Patel Samir P, Patel Minal A, Modi Hiren R, Katyare Surendra S
Department of Biochemistry, Faculty of Science, The Maharaja Sayajirao University of Baroda, Vadodara, Gujarat 390 002, India.
Indian J Biochem Biophys. 2007 Apr;44(2):88-93.

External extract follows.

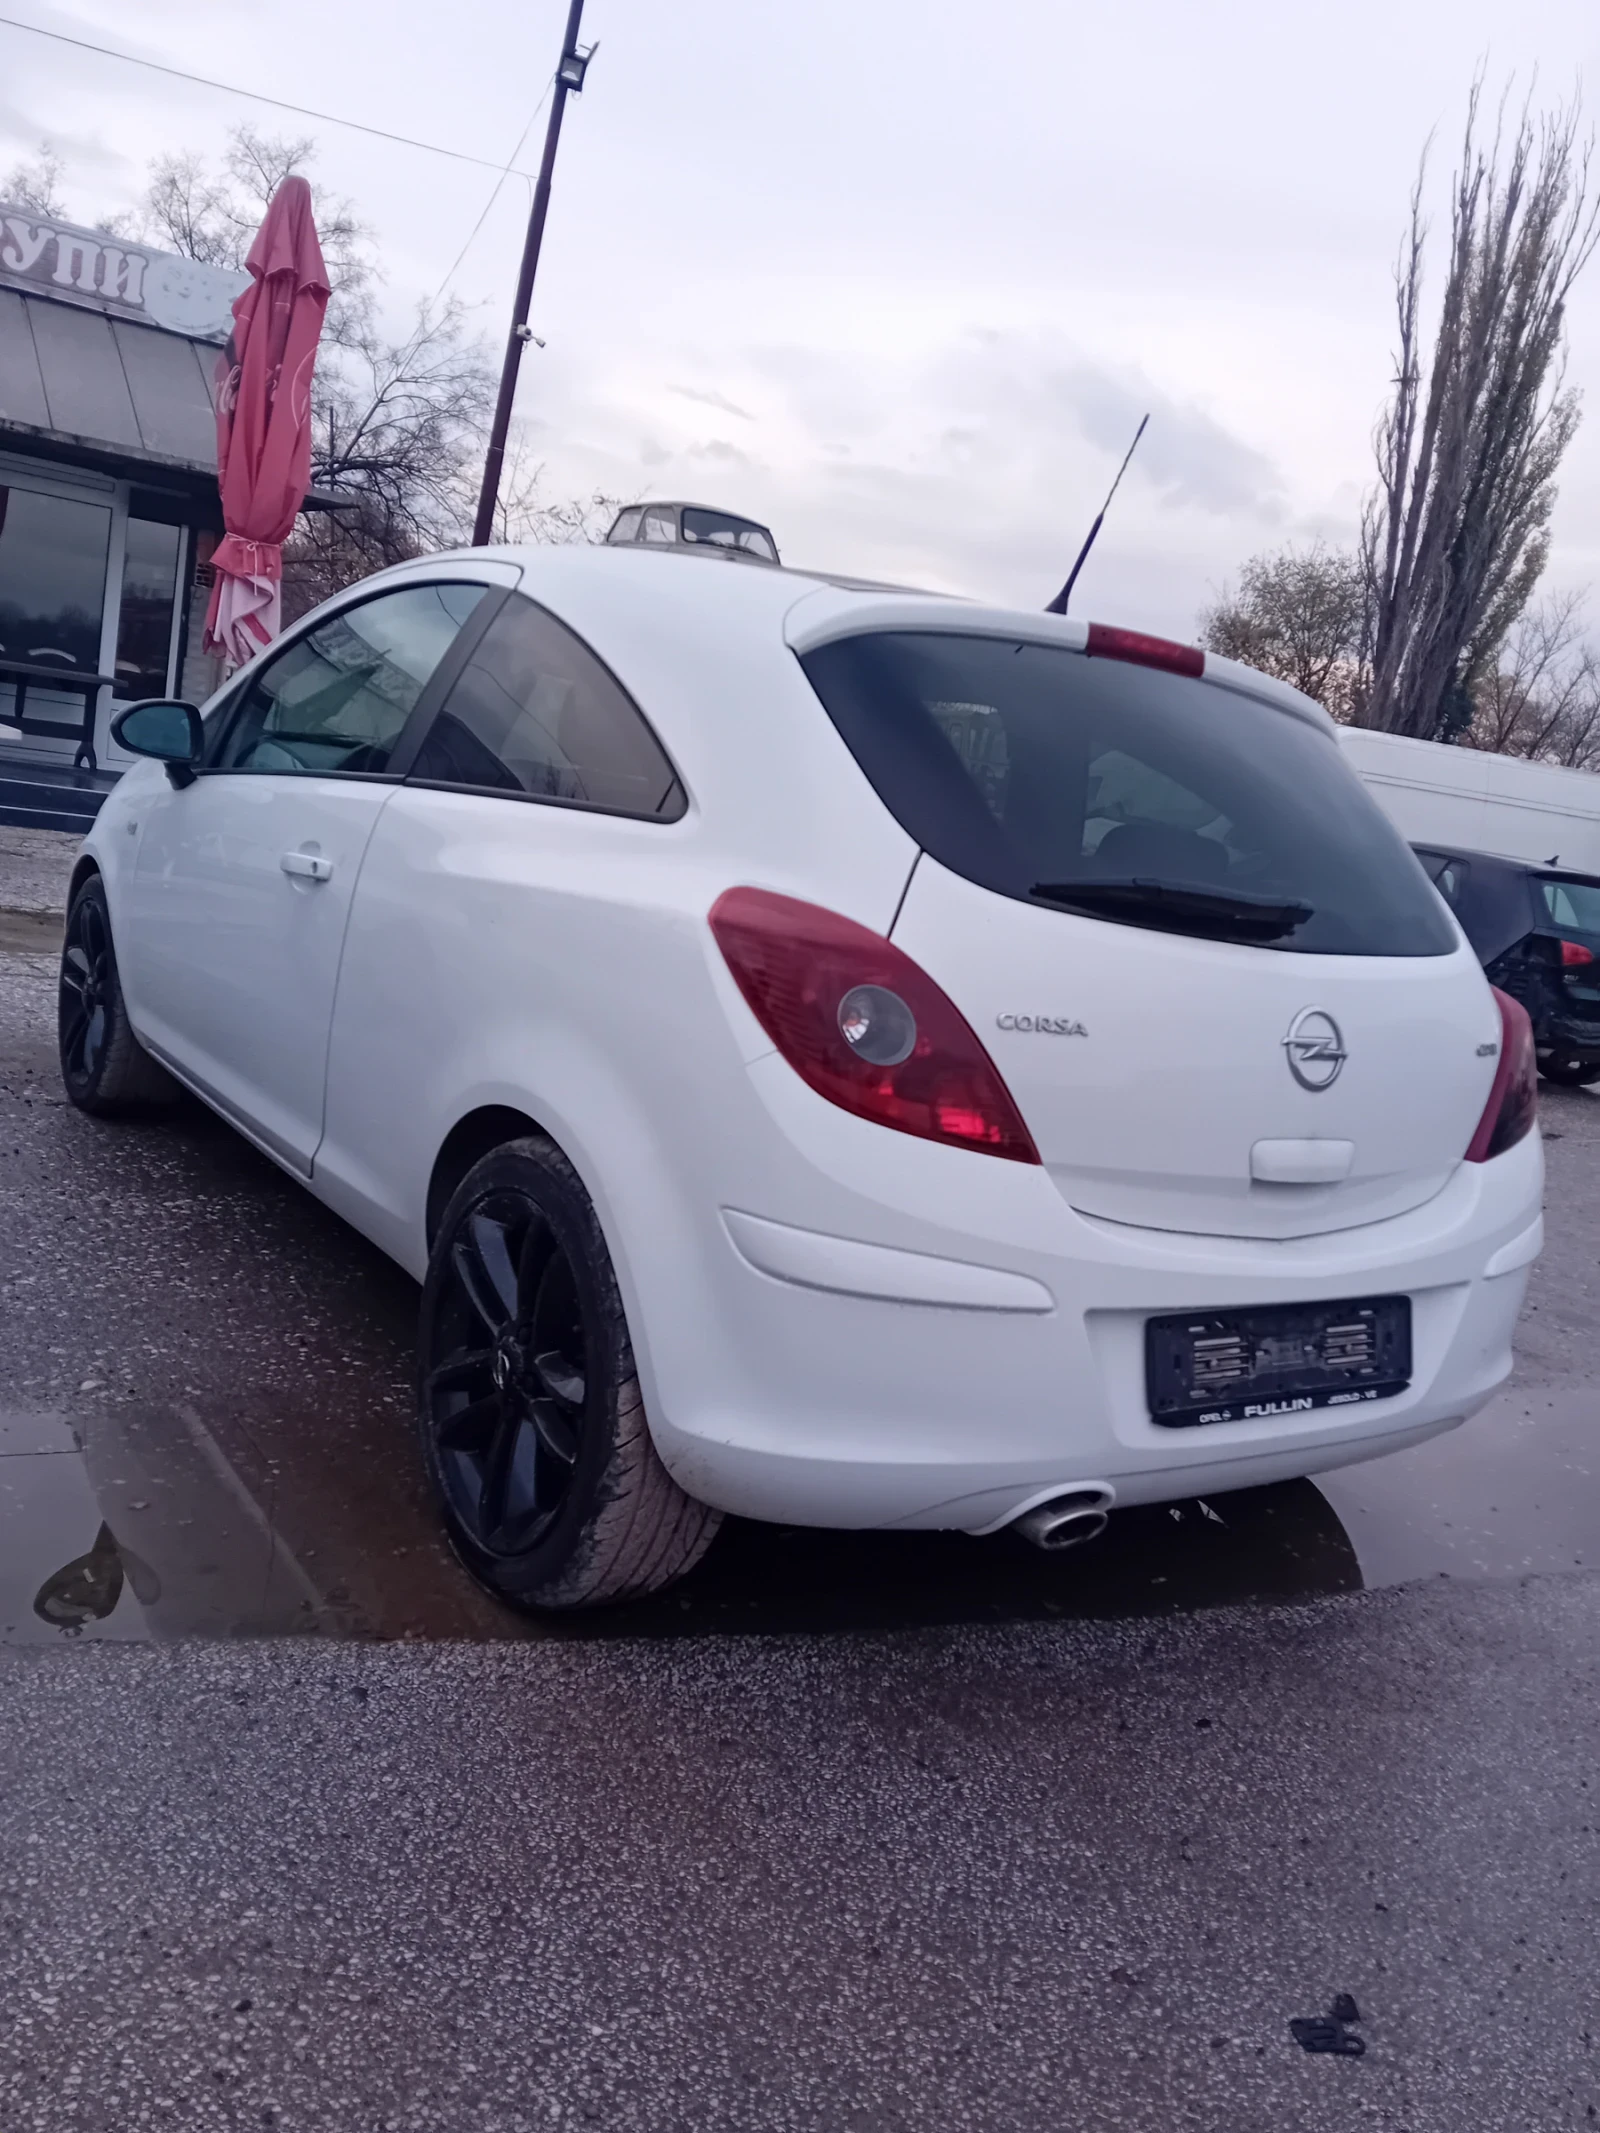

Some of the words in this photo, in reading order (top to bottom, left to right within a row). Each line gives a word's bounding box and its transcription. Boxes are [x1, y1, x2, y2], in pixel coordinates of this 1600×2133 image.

[0, 217, 148, 304] УПИ
[996, 1013, 1089, 1038] CORSA
[1244, 1397, 1312, 1417] FULLIN

The conventional method of Fiske and Subba Row for the estimation of inorganic phosphate (Pi) is although rapid, but suffers from the disadvantage that the color is unstable and hence the optical density (OD) measurements have to be carried out within a short time span of 8-12 min. This poses a restriction on the number of samples, which can be handled in a batch. Although, modified procedures involving use of alternate reducing agents/or increasing the concentration of H2SO4 in conventional method have been subsequently developed, but the problem of color stability could not be solved. In addition, the use of higher concentrations H2SO4 has rendered the methods unsuitable in enzyme assays, especially if the acid labile phosphate containing substrates have been used. In the present study, attempts have been made to suitably modify the method to improve the stability of the color and sensitivity and also for its applicability in enzyme assays, especially when acid labile phosphate containing substrates such as ATP is used. We used the higher concentrations (0.625, 0.8 and 1.0 N) of H2SO4 rather than 0.5 N used in the conventional assay procedures. Under these conditions, the reagent blanks do not develop color for up to 24 h, whereas the intensity of the molybdenum blue color in the standard and/or experimental tubes increased with time reaching optimum value at 24 h. Simultaneously, the absorption maximum shifts from 660 nm to 820 nm. The highest concentration of H2SO4 (1.0 N) is found to be the most effective in the process of color development. The sensitivity of the method is from 1.7 to 2.1 times higher, as compared to the conventional Fiske and Subba Row method for the measurements carried out at the end of 15 min at 820 nm and with the highest concentration of H2SO4 (1.0 N); the sensitivity increased 4.8-fold at the end of 24 h. Presence of glucose and sucrose (1-10 mM), NaCl and KCI (5-100 mM), MgCl2 (1-10 mM) and BSA (10 to 500 microg per assay tube) do not interfere either with color development or with OD measurements. The extent of ATP hydrolysis is 1.6 to 3.4% for up to 1 hi, depending upon the concentration of H2SO4 used. Only negligible hydrolysis of G6P is observed under these conditions. These results suggest that the presently modified method is suitable for Pi analysis in the enzyme assays, in the presence of labile phosphate containing substrates.
Fiske和Subba Row用于估算无机磷酸盐(Pi)的传统方法虽然快速,但存在颜色不稳定的缺点,因此必须在8 - 12分钟的短时间内进行光密度(OD)测量。这对一批能够处理的样品数量构成了限制。尽管随后开发了涉及使用替代还原剂/或提高传统方法中硫酸浓度的改进程序,但颜色稳定性问题仍未解决。此外,使用较高浓度的硫酸使得这些方法不适用于酶测定,特别是如果使用了含酸不稳定磷酸盐的底物。在本研究中,已尝试对该方法进行适当修改,以提高颜色稳定性和灵敏度,并使其适用于酶测定,特别是在使用含酸不稳定磷酸盐的底物如ATP时。我们使用了比传统测定程序中使用的0.5 N更高浓度(0.625、0.8和1.0 N)的硫酸。在这些条件下,试剂空白在长达24小时内不显色,而标准管和/或实验管中钼蓝颜色的强度随时间增加,在24小时达到最佳值。同时,最大吸收波长从660 nm移至820 nm。发现最高浓度的硫酸(1.0 N)在显色过程中最有效。与传统的Fiske和Subba Row方法相比,在820 nm处15分钟结束时进行测量且使用最高浓度的硫酸(1.0 N)时,该方法的灵敏度高1.7至2.1倍;在24小时结束时灵敏度提高了4.8倍。葡萄糖和蔗糖(1 - 10 mM)、NaCl和KCl(5 - 100 mM)、MgCl2(1 - 10 mM)以及BSA(每个测定管10至500微克)的存在既不干扰显色也不干扰OD测量。根据所使用的硫酸浓度,高达1小时内ATP的水解程度为1.6%至3.4%。在这些条件下,仅观察到G6P的水解可忽略不计。这些结果表明,目前改进的方法适用于在含不稳定磷酸盐底物存在下的酶测定中的Pi分析。